The engine room was an oven, warmed by the south coast sun. They made their way among the pipes and gauges until Silo spotted what they were looking for. It was a rectangular metal case, thoroughly sealed and bolted to the frame of the engine. There were no markings on it beyond a meaningless identification code.
Silo poked around at it. ‘Don’t look like it’s even connected to the engine, Cap’n. They just stuck it here. Don’t see how it gonna affect anythin’.’
‘Could it be a bomb?’
‘S’pose,’ he said. ‘Don’t see the good of it, though. Need a bitch of a transmitter to set it off at a distance. And if it’s on a timer, well. .’ He shrugged. ‘If they wanted to kill us, reckon they’d have done it.’ He tapped the case with the end of a screwdriver that had appeared from his pocket. ‘Let me get into, Cap’n. I’ll let you know.’

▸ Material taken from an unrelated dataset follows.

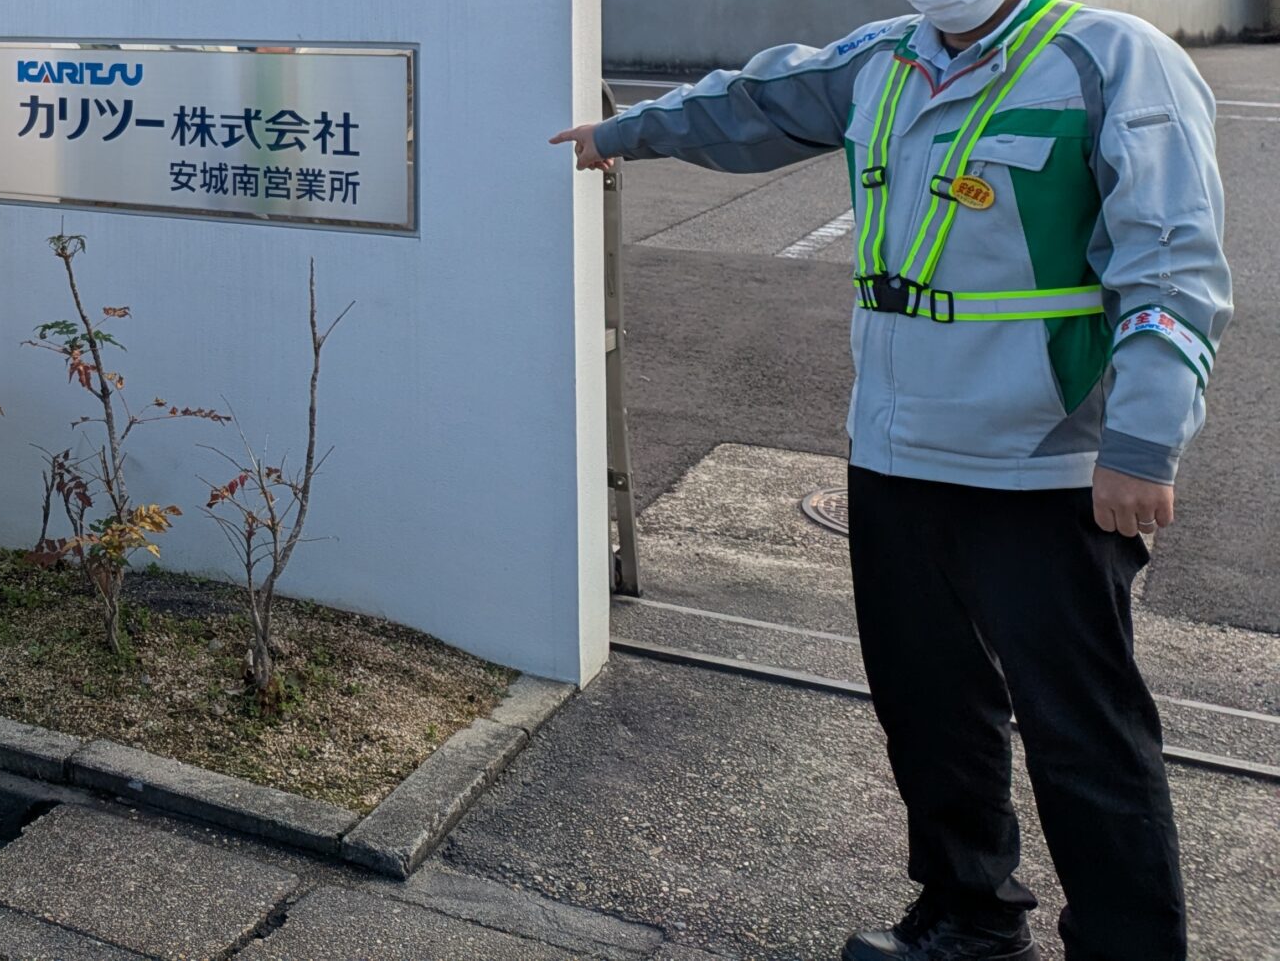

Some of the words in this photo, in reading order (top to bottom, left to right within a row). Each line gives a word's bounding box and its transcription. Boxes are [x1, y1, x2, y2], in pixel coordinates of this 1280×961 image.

[17, 60, 144, 86] KARITSU
[17, 95, 360, 157] カリツー株式会社
[168, 160, 361, 205] 安城南営業所

‘Later,’ said Frey. ‘I need you downstairs.’
By the time they opened the Ketty Jay up again, the Prognosticator and his men were packing up and heading off. Frey glared at them till they were gone. Harkins was flapping about the Firecrow, gibbering in horror at the sight of all those Ciphers. Pinn was complaining about people messing with his engine.
‘Alright, alright! Get in here, you lot!’ Frey called.

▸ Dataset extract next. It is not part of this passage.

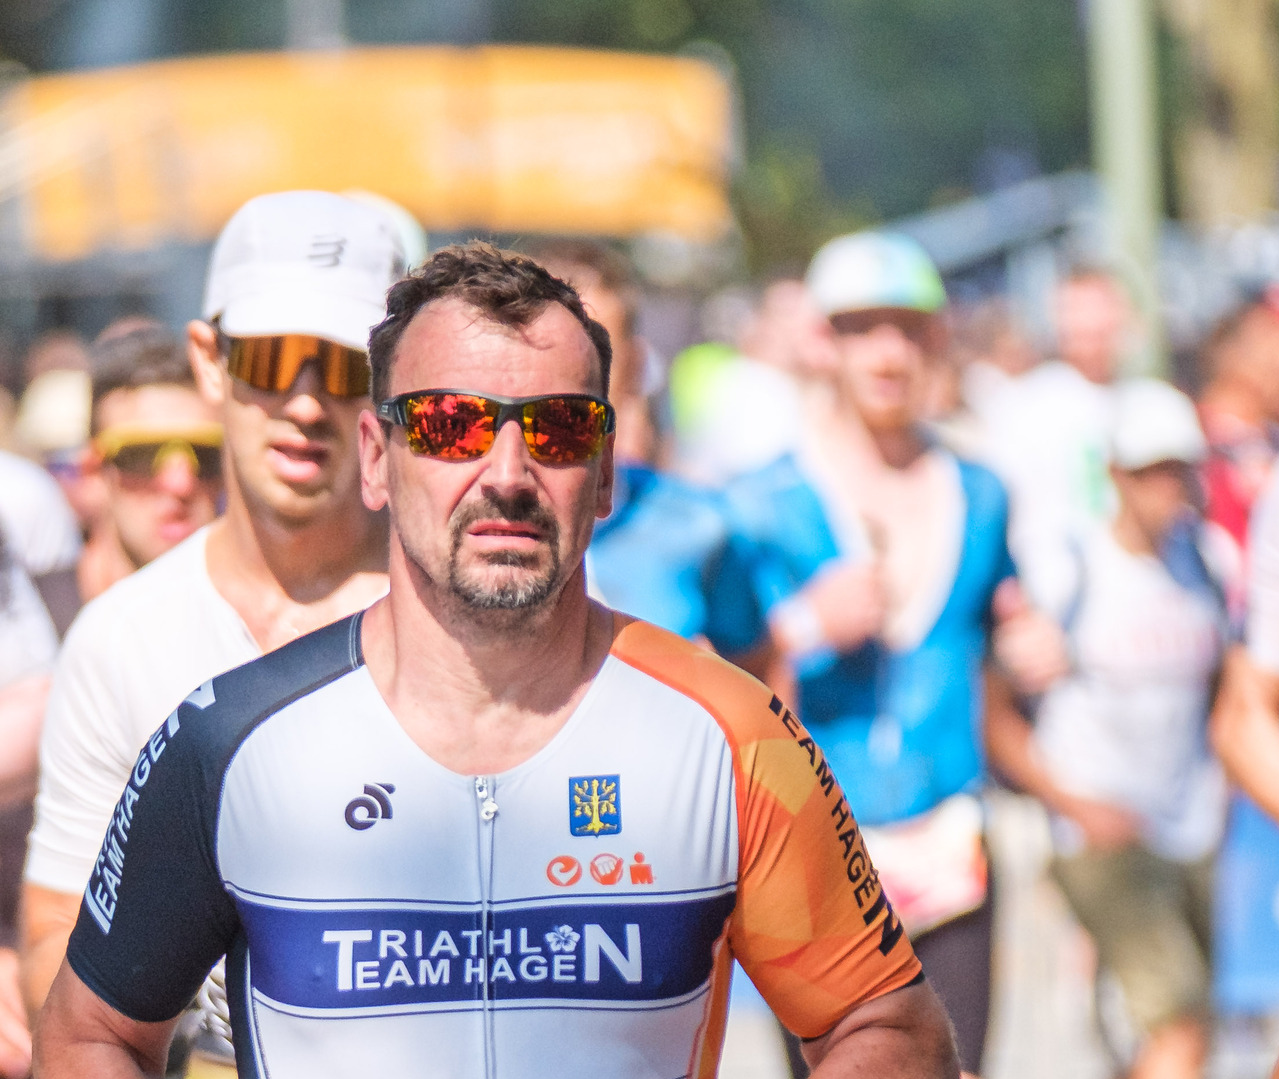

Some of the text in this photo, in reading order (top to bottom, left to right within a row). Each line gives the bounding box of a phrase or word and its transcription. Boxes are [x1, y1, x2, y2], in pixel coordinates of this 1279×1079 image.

[769, 694, 836, 797] EAM
[322, 923, 643, 991] TEAM HAGEN

The crew assembled in the cargo hold. Pelaru materialised from the gloom. Jez jumped down from the walkway many metres above to land expertly on top of a pile of crates, where she crouched, watching them with shining eyes. Once the ramp was shut, Ashua came out of the sanctum with Bess tramping after her.
‘Swear I need double pay for being her bloody mother on top of everything else,’ she grouched.
‘Ciphers on the Ketty Jay,’ Malvery muttered. ‘Insult to injury, that’s what it is. Never thought I’d see the day.’